- 著者
-
河合 利修
- 出版者
- 日本赤十字豊田看護大学
- 雑誌
- 日本赤十字豊田看護大学紀要 (ISSN:13499556)
- 巻号頁・発行日
- vol.1, no.1, pp.13-20, 2005-03
国際人道法の一条約である第1追加議定書の第59条には戦時における無防備地区の設置が定められている。この条項をもとに、無防備地区宣言を行う条例を自治体に採択するよう働きかける「無防備地域宣言運動」が我が国では盛んになっている。

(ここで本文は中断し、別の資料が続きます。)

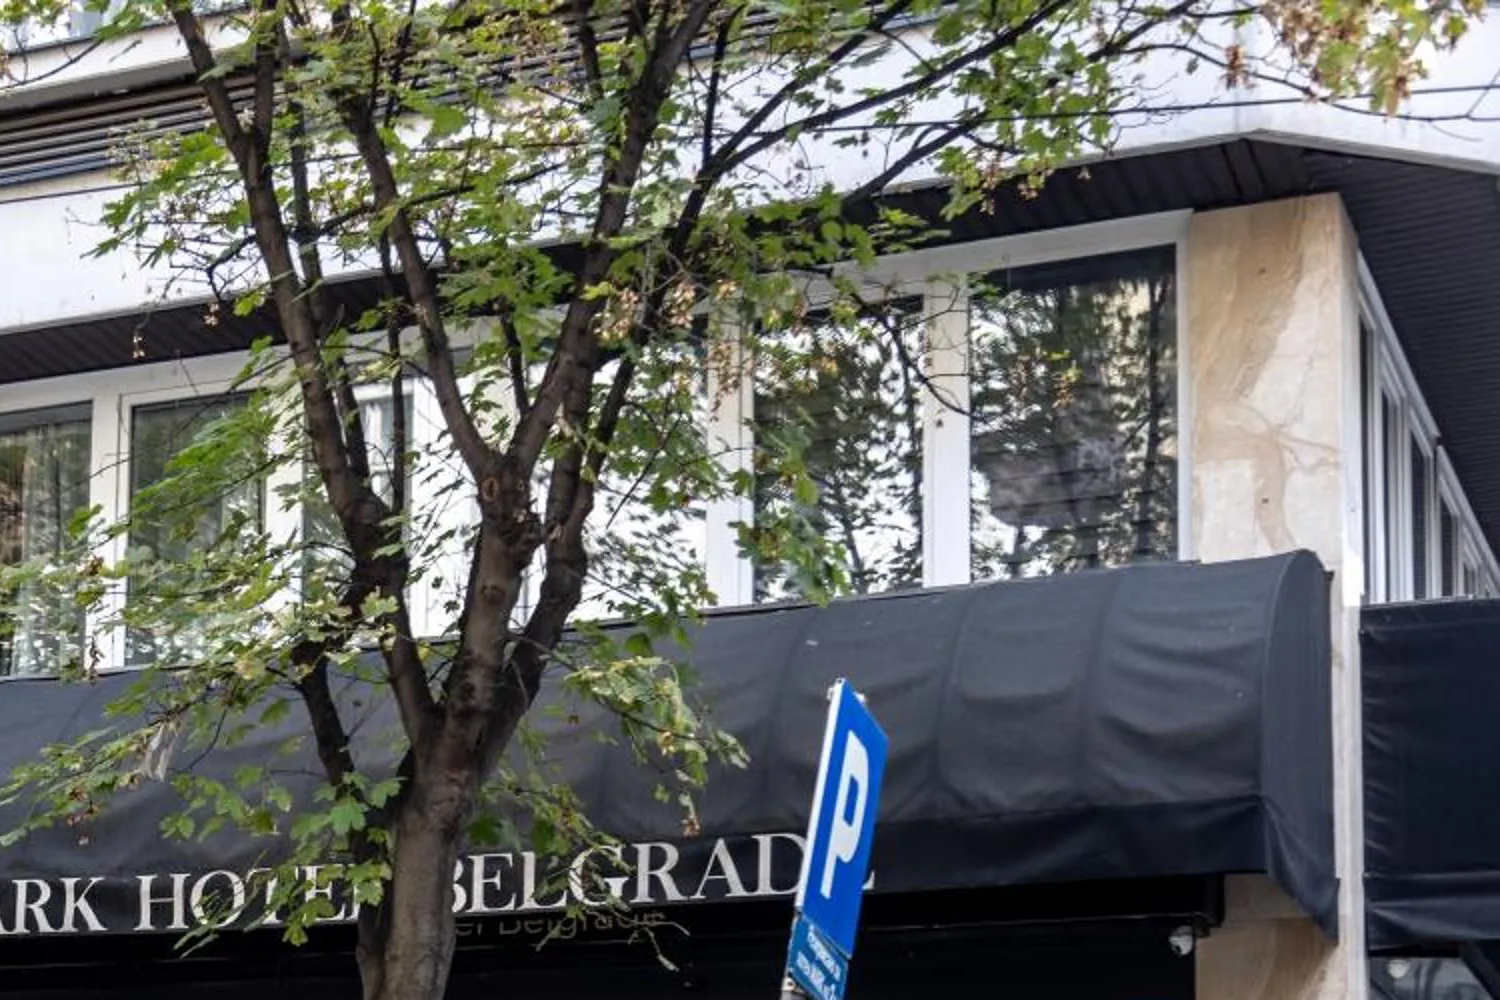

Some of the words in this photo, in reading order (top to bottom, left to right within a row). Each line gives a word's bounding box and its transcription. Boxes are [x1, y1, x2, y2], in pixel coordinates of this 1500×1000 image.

[133, 863, 364, 931] HOTE
[452, 832, 875, 914] ELGRAD
[820, 729, 869, 900] P

第1追加議定書の解釈を検討すると、無防備地区の宣言を行える主体に地方自治体も含まれるが、地方自治体に関しては極めて例外的な主体であり、国際的に地方自治体が広く主体として受け入れられているかは疑問である。さらに、議定書が採択された1977年以降、無防備地区が宣言された例はない。「無防備地域宣言運動」は平和運動の一環として政治的な運動でもあるが、国際人道法は戦争という現実のなかでの犠牲者保護を定めた現実的かつ政治中立的な法である。また国際人道法は人道の原則と軍事的必要性の原則の均衡をとる役割を果たしており、平和運動の一環としての「無防備地域宣言運動」とは性格を異にする。